Os 10 finalistas são: Associação Alzheimer Portugal, com o projeto "Cuidar Melhor"; CRESAÇOR - Cooperativa Regional de Economia Solidária, com o projeto "Açores+: Promoção da Economia Solidária"; Cruz Vermelha Portuguesa, com o projeto "Estado Puro"; Cruz Vermelha Portuguesa - Delegação de Fafe, com o projeto "Família + Feliz"; EAPN Portugal, com o projeto "Click-ativar competências de empregabilidade"; Espaço t - Associação para o Apoio à Integração Social e Comunitária, com o projeto "Palcos Para a Inclusão"; FISOOT, Cooperativa de Solidariedade Social, com o projeto "Mãos à Obra"; Raríssimas - Associação Nacional de Deficiências Mentais e Raras, com o projeto "Mães de Sucesso - Motivar, Apoiar e Empoderar - Sempre"; Silêncio Sonoro, Associação Cultural e Juvenil, com o projeto "Experiencing Azores" e Via Hominis, CRL, com o projeto "Snoezelen-idosos".

Dos 117 projetos acolhidos, foram os seguintes os distritos mais representados, por esta ordem: Lisboa (35%), Porto (8.5%), Aveiro, Braga, Santarém (6.8% cada) e Coimbra (6%). Com menor expressão, mas igualmente representados, estiveram os distritos de Leiria, Setúbal, Vila Real, Bragança, Évora, Castelo Branco, Faro, Guarda, Beja e Viana do Castelo e as Regiões Autónomas dos Açores e da Madeira.

De realçar que, quanto à tipologia das entidades da economia social, as Associações e outras entidades da economia social (Centros Sociais Paroquiais, Institutos de Organização Religiosa) representaram 70 % das candidaturas, sendo que as Cooperativas, com 12 %, constituíram o segundo grupo com maior peso relativo. Em terceiro surgem as Fundações (9 %) e, em quarto lugar, as Associações Mutualistas e Misericórdias com cerca de 2%. Do total de candidaturas cerca de 39% foram submetidas por entidades com estatuto de Instituição Particular de Solidariedade Social (IPSS).

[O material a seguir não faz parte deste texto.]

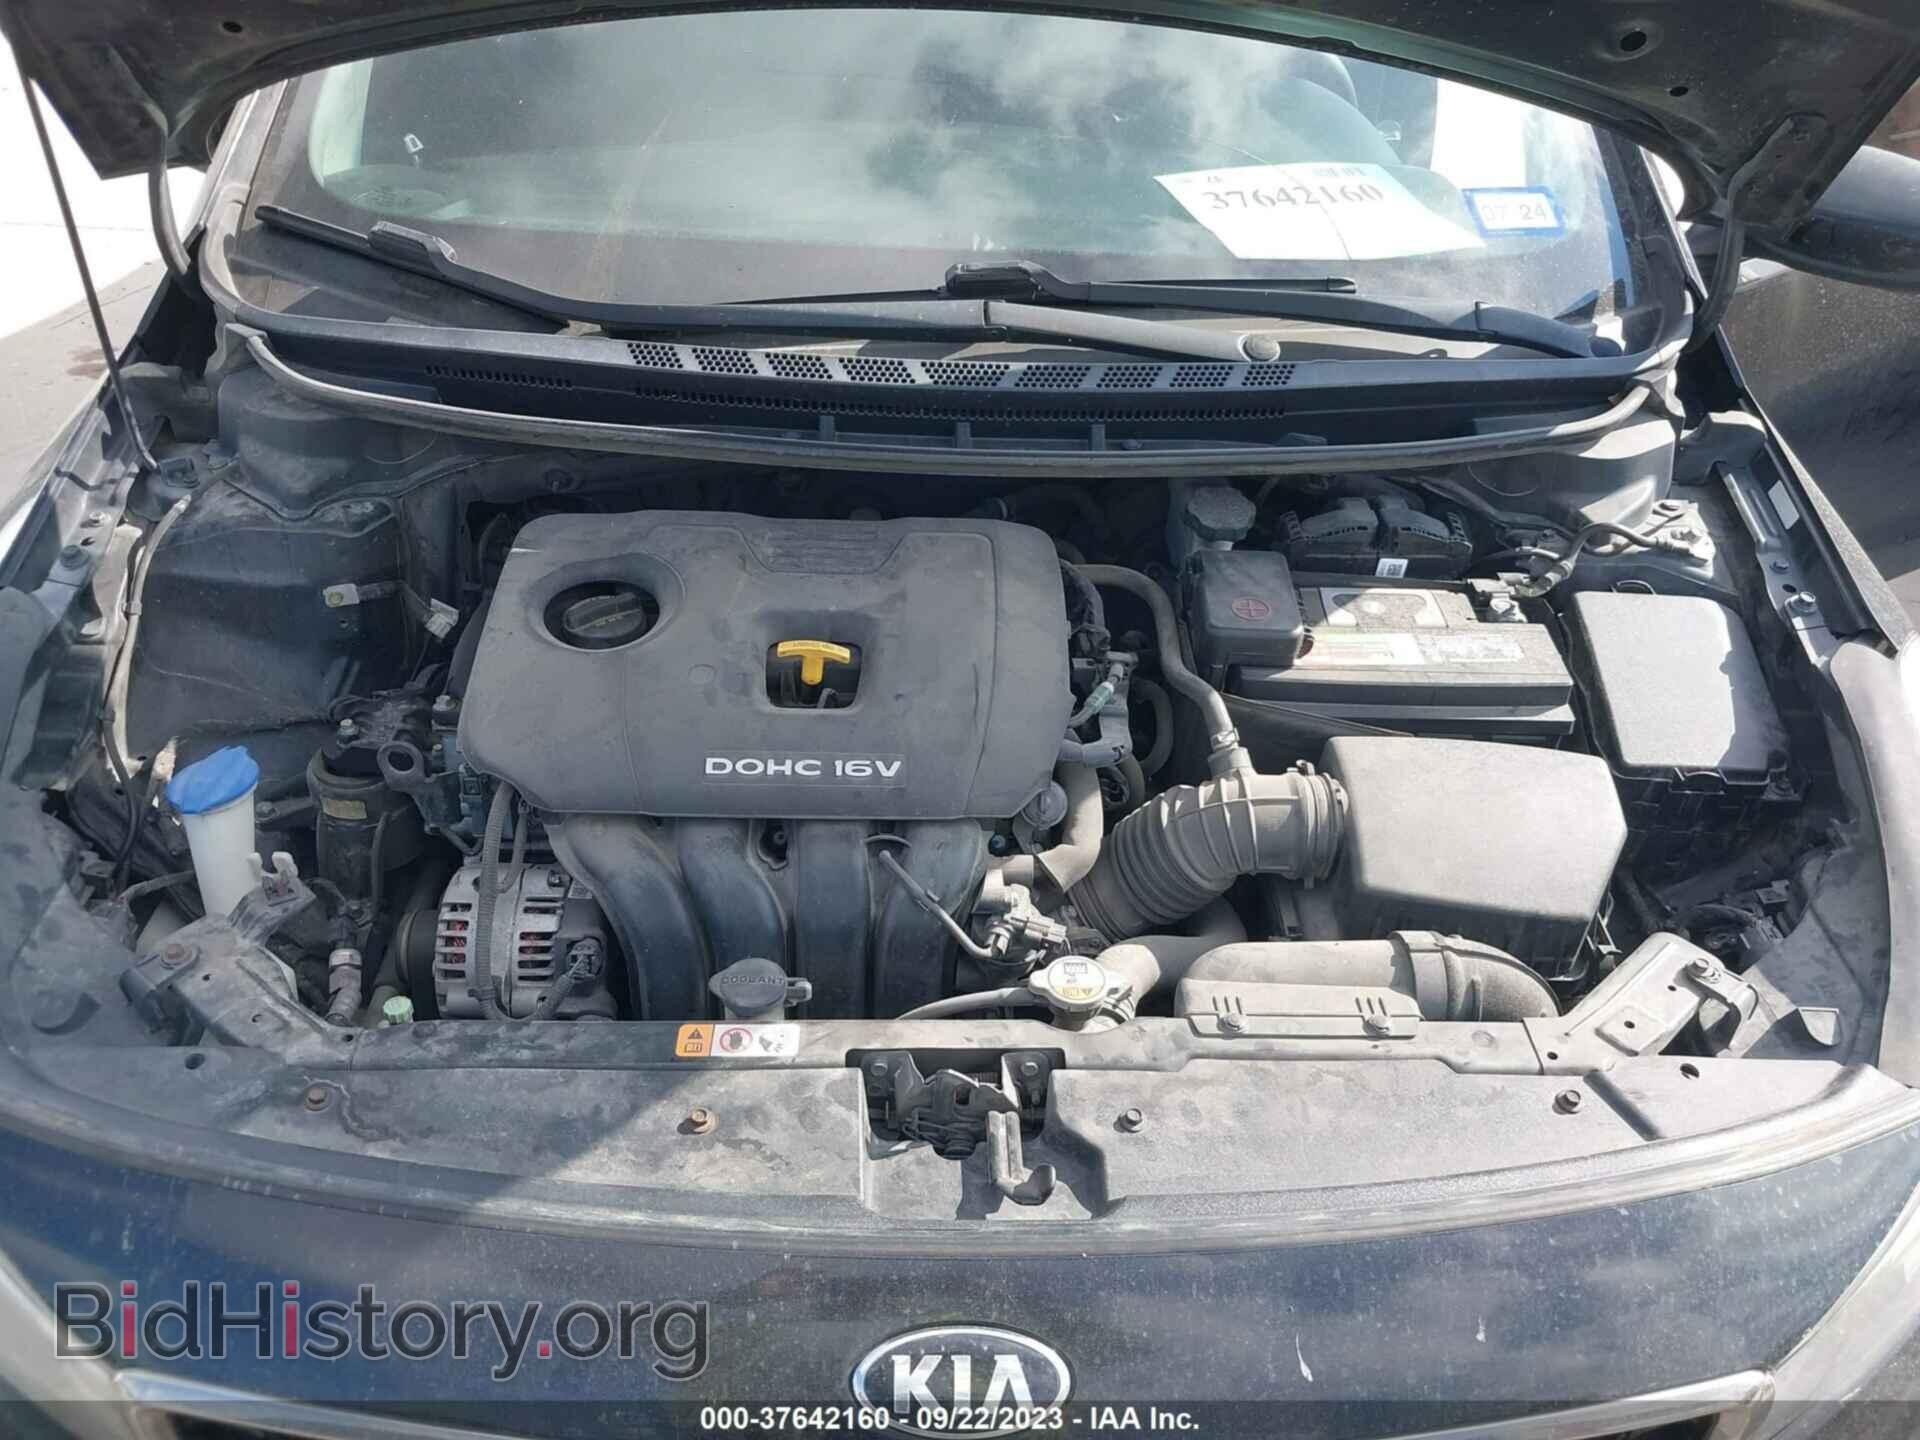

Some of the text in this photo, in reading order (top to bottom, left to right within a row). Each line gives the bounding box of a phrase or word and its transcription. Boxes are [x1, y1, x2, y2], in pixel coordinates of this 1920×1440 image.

Os 10 melhores projetos começam agora a "aventura" de demonstração do seu impacto a 26 de fevereiro, quando arrancam as 500 horas de mentoria, enriquecidas por três workshops. Nesta fase - que se prolonga até 23 de junho - as equipas criam protótipos de impacto social, usando a metodologia de análise SROI - Social Return on Investment.

Estes protótipos são depois apresentados perante um painel de eventuais parceiros e investidores, na Conferência Internacional Impacto Social (30 de junho).

Os promotores do Programa - CASES e Fundação Montepio -, consideram que a medição e a demonstração do impacto social são elementos decisivos para as entidades que pretendem distinguir-se no atual contexto socioeconómico, apostando na sua sustentabilidade.